Após 5 meses de epidemia do novo coronavírus no Brasil, com mais de 100 mil vítimas e um platô de mil mortes diárias, a vacina é vista como a esperança mais promissora para saída da crise. O caminho para algum tipo de normalidade, no entanto, é longo, avisa a epidemiologista Cristiana Toscano, única brasileira no Grupo Consultivo Estratégico de Especialistas em Imunização da OMS (Organização Mundial da Saúde).
Na perspectiva mais otimista, as primeiras doses podem estar disponíveis em março, na estimativa da especialista. Isso se tudo der certo nas etapas anteriores, que incluem desde resultados dos ensaios clínicos até procedimentos de registro e produção do imunizante em escala.
Depois que as primeiras doses estiverem prontas, ainda há outros passos até um cenário em que seja seguro circular pelas ruas. “Tem um período até de fato atingir coberturas vacinais para conseguir reduzir a transmissibilidade de qualquer doença”, afirma Toscano. Por isso, o distanciamento social vai continuar sendo importante ao longo de 2021.
Na última semana, o presidente Jair Bolsonaro assinou a medida provisória (MP) que libera R$ 1,9 bilhão para viabilizar o acesso a 100 milhões de doses da vacina desenvolvida pela Universidade de Oxford. O valor inclui um pagamento à AstraZeneca, farmacêutica detentora dos direitos de comercialização do imunizante, assim como despesas para o processamento final da vacina no Instituto Bio-Manguinhos, unidade da Fiocruz (Fundação Oswaldo Cruz), e investimentos necessários para absorção da tecnologia de produção pela instituição.
O acordo do governo brasileiro com a empresa britânica prevê o acesso a 30 milhões de doses entre dezembro deste ano e janeiro de 2021 e outras 70 milhões ao longo do primeiro semestre do próximo ano.
O Ministério da Saúde não anunciou uma data para que a vacina esteja disponível nos postos de saúde. Está em curso um ensaio clínico com 5 mil brasileiros, e a expectativa é que, até o fim do ano, sejam publicados resultados preliminares que poderiam acelerar o processo de registro do produto pela Anvisa (Agência de Vigilância Sanitária) e de incorporação no SUS (sistema único de saúde). É possível que sejam necessárias duas doses da vacina.

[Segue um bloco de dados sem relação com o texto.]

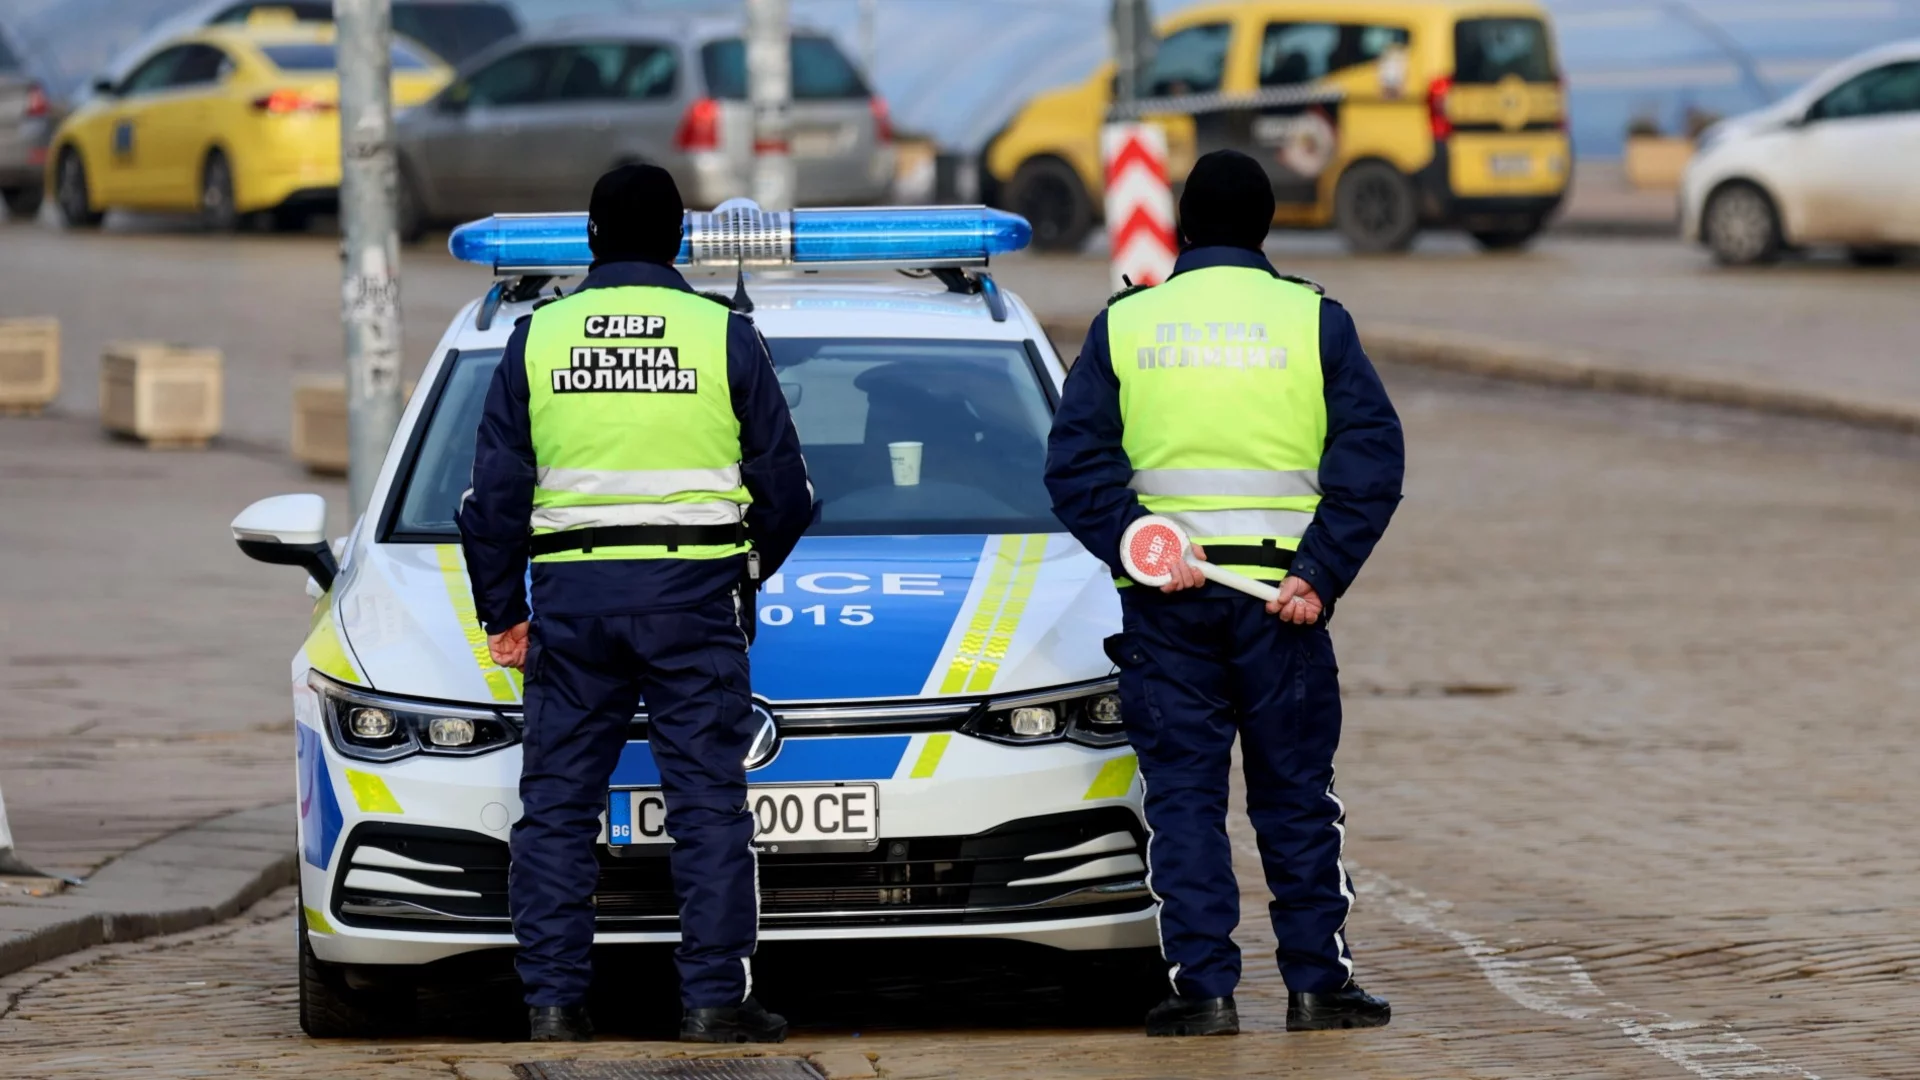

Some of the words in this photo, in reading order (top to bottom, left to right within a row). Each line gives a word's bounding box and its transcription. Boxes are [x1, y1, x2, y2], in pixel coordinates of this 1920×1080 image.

Nesta segunda-feira (10), a Anvisa autorizou alterações no protocolo de pesquisa para que possa ser aplicada uma dose de reforço e também para ampliar a faixa etária dos voluntários, cuja idade máxima passou de 55 para 69 anos.
No momento, o plano de imunização do Ministério da Saúde não inclui outras iniciativas, como a desenvolvida pela farmacêutica chinesa Sinovac Biotech, em parceria com o Instituto Butantan, de São Paulo. O imunizante também está sendo testado em brasileiros em um ensaio clínico e a previsão do governo de São Paulo é de acesso a 120 milhões de doses, caso ela se prove segura e eficaz.
Para a epidemiologista envolvida nas discussões da OMS, é importante que países apoiem a estratégia multilateral, ainda que estejam viabilizando parcerias bilaterais. “Qualquer estratégia que trabalha com um país só, abordando somente a proteção da própria população, não funciona numa pandemia, porque o vírus é global”, afirmou.
No campo das estratégias multilaterais está o ACT (Access to Covid-19 Tools – ou “acesso às ferramentas para covid-19”) Accelerator, iniciativa coordenada pela OMS que envolve parcerias entre governos e farmacêuticas. Um dos pilares é o COVAX, um fundo coordenado pela Aliança Global para Vacinas e Imunização (Gavi), em colaboração com a OMS e com o Cepi (Coalizão Para Inovações em Preparação para Epidemias).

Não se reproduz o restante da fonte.